Столь длинная и категоричная (сам так сказал) речь хозяина, «имеющего право», произвела на слушателей разное впечатление.
Существующий на менто-связи Уилл воспринял ее не просто как похвалу его действительно первого опыта…
(вряд ли он до встречи со Смотрителем был любителем тонкой поэзии. Разве что площадной)…
но и как руководство к действию.
Да хоть триста! — заверил он работодателя. — Я теперь не остановлюсь.
Количество иной раз вредит качеству, — на всякий слу чай подстраховался осторожный Смотритель.
Реакция Шекспира удивительной не была. А вот Елизавета среагировала на speach графа резковато, хотя и не без почтительности (вот вам и характер):
— Это не лирические всхлипы, ваша светлость. Я, бесспорно, уважаю право хозяина… оно, кстати, ценится в Англии… но уж позвольте и вашим гостям воспользоваться их правами. В частности, возможностью проявлять не слишком адекватную реакцию на происходящее… — высказалась изящно и тут же поправилась, даже тон поменяла — с сухого и официального на повышенный и горячий: — Впрочем, не такую уж неадекватную! Вы что, считаете, нормальная девушка не может задать глупый вопрос, когда ей посвящают стихи? Да мне никто ни когда в жизни стихов не посвящал! А тут — сразу такие! Вы совсем не знаете женщин, граф! Или…

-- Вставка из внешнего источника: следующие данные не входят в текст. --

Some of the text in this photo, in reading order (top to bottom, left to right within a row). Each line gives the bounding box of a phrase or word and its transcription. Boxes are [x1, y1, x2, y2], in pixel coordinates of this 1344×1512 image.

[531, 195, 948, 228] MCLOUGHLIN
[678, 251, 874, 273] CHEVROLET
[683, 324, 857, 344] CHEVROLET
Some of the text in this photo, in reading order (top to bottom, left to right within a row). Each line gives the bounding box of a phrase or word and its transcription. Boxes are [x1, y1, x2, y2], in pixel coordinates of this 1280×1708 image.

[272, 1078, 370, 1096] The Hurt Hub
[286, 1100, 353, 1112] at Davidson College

Что «или» — не досказала. Рассыпала многоточие после серии восклицательных знаков и оставила графу возможность подумать, чего ж это такого он не знает в женщинах. Или в себе самом…
А он и без ее многоточия удивился: с чего бы такая неадекватная реакция — теперь уже с его стороны? Откуда раздраженность? Не сама ли Елизавета тому причиной? Не посматриваешь ли ты на нее как на красивую и умную женщинку, а не как на пусть невольное, незапланированное, но все же только окружение объекта? Тогда скверно, Смотритель, тогда тебе пора сворачиваться и просить замены на проекте. Но порядки Службы таковы, что замены на запущенных в работу проектах не делаются. Есть метод менто-коррекции, которым сам Смотритель преотлично владеет. Но и другие тоже владеют — еще преотличнее. А применим метод может быть ко всем, и к специалистам Службы — тоже. Тебе это надо, Смотритель?.. Да избави бог!.. Тогда следи за эмоциями, специалист.

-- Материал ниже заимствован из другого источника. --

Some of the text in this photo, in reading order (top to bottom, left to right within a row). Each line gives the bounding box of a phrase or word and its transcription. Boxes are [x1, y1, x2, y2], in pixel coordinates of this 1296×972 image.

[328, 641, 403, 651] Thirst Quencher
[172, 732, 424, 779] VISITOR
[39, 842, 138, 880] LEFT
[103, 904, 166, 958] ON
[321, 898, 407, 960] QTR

— Прошу меня простить, — сказал граф, — но мое восхищение услышанным из уст поэта таково, что я забыл об обязанностях хозяина. Я предлагаю кликнуть Кэтрин, пусть она подаст нам вина и фруктов, мы отметим этот день…
Пожалел на секунду, что до рождения в провинции, естественно, Шампань первого игристого, бьющего в мозг и веселящего сердце вина — еще около столетия. Но и хорошее белое вполне будет к месту.
А продолжать пьесу, переходить к третьему акту сегодня, судя по всему, не получится. Своим сюрпризом Шекспир создал праздник, но, одновременно, отменил будни, то есть, говоря языком все тех же спецов из Службы, сорвал плановое мероприятие. То есть работу. Означенный праздник (его неуловимая, но возбуждающая атмосфера) теперь станет витать над ними и отвлекать от дела. Плохо. Времени у Смотрителя до обещанного им срока передачи текста кембриджской четверке — уже не три, а только два дня. Успеет ли Уилл?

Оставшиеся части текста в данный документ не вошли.